TASK INSTRUCTIONS: All entries below are to be reproduced precisely as they stand, without the pictures.

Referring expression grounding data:

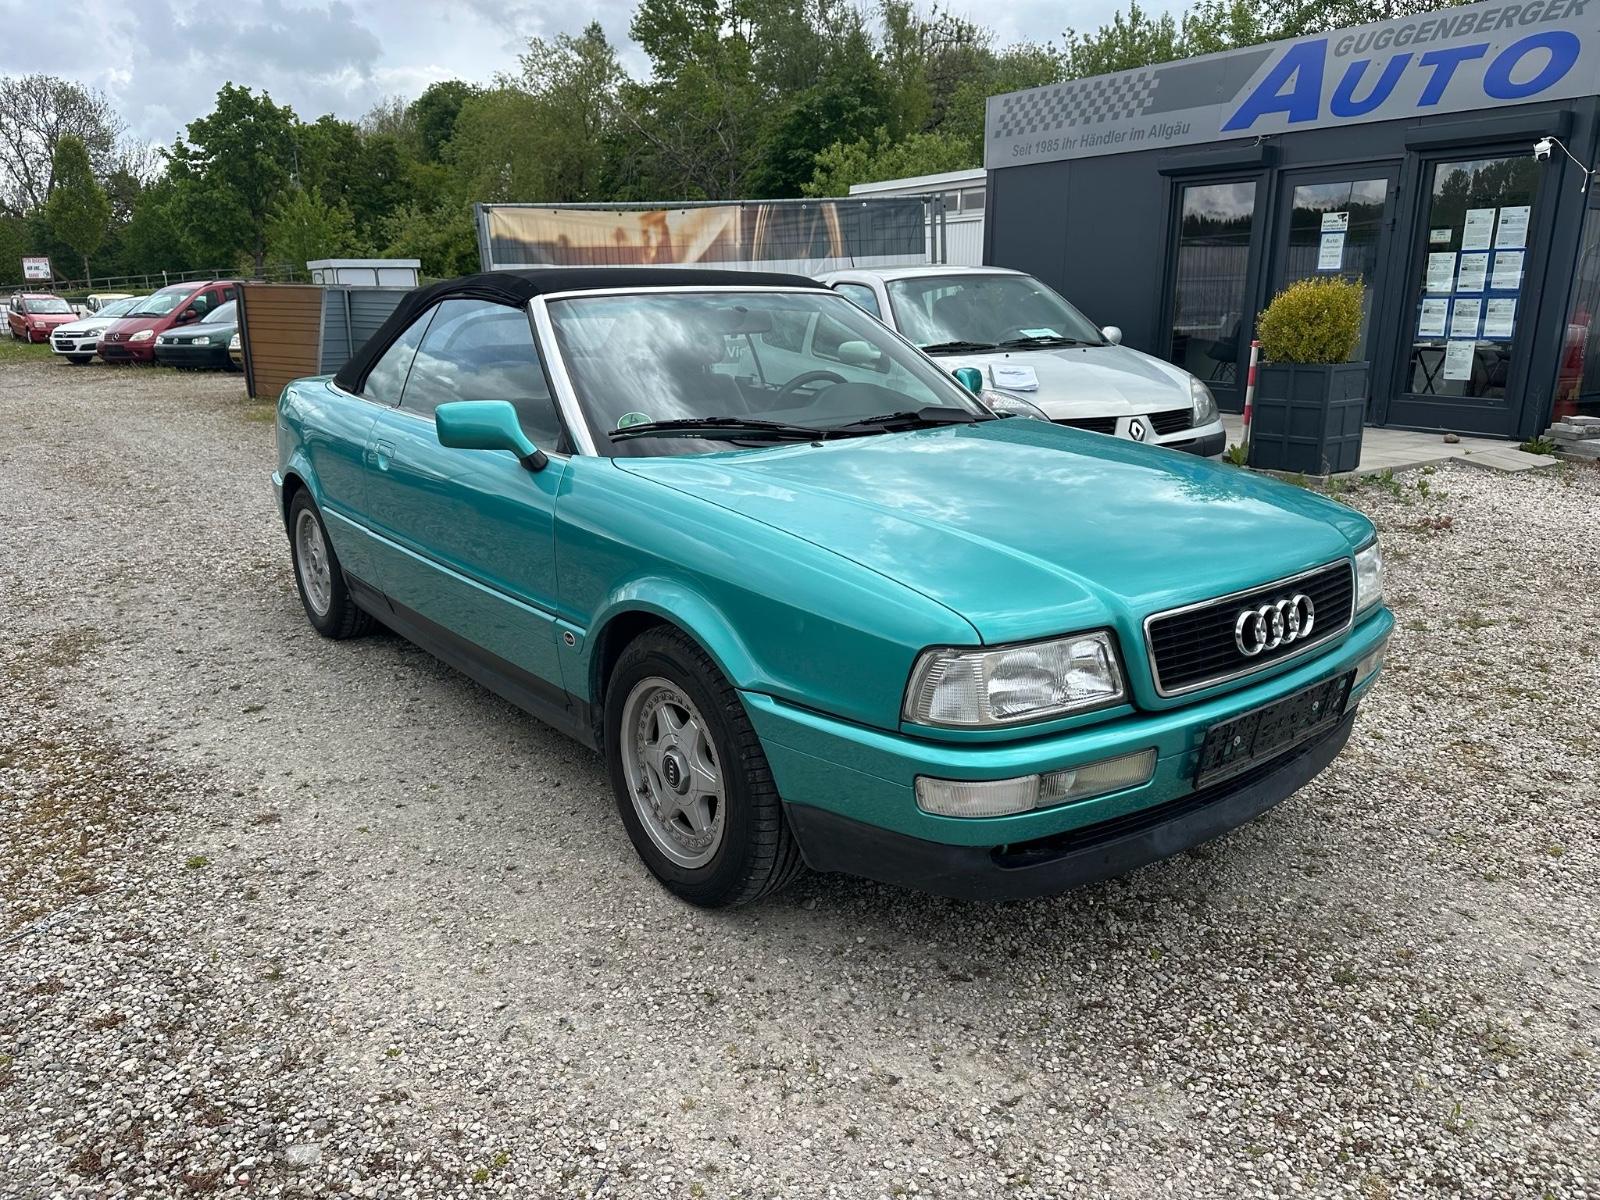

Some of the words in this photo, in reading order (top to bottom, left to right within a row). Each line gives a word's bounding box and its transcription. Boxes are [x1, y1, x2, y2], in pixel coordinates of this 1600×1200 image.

[1334, 0, 1588, 57] GUGGENBERGER
[1220, 30, 1581, 132] AUTO
[1012, 143, 1032, 157] Seit
[1035, 138, 1060, 154] 1985
[1062, 137, 1078, 150] ihr
[1080, 131, 1126, 149] Händler
[1129, 127, 1145, 141] im
[1148, 121, 1191, 140] Allgäu

ANSWER SPACE:
Some of the words in this photo, in reading order (top to bottom, left to right within a row). Each line gives a word's bounding box and its transcription. Boxes are [x1, y1, x2, y2], in pixel coordinates of this 1600×1200 image.

[1334, 0, 1588, 57] GUGGENBERGER
[1220, 30, 1581, 132] AUTO
[1012, 143, 1032, 157] Seit
[1035, 138, 1060, 154] 1985
[1062, 137, 1078, 150] ihr
[1080, 131, 1126, 149] Händler
[1129, 127, 1145, 141] im
[1148, 121, 1191, 140] Allgäu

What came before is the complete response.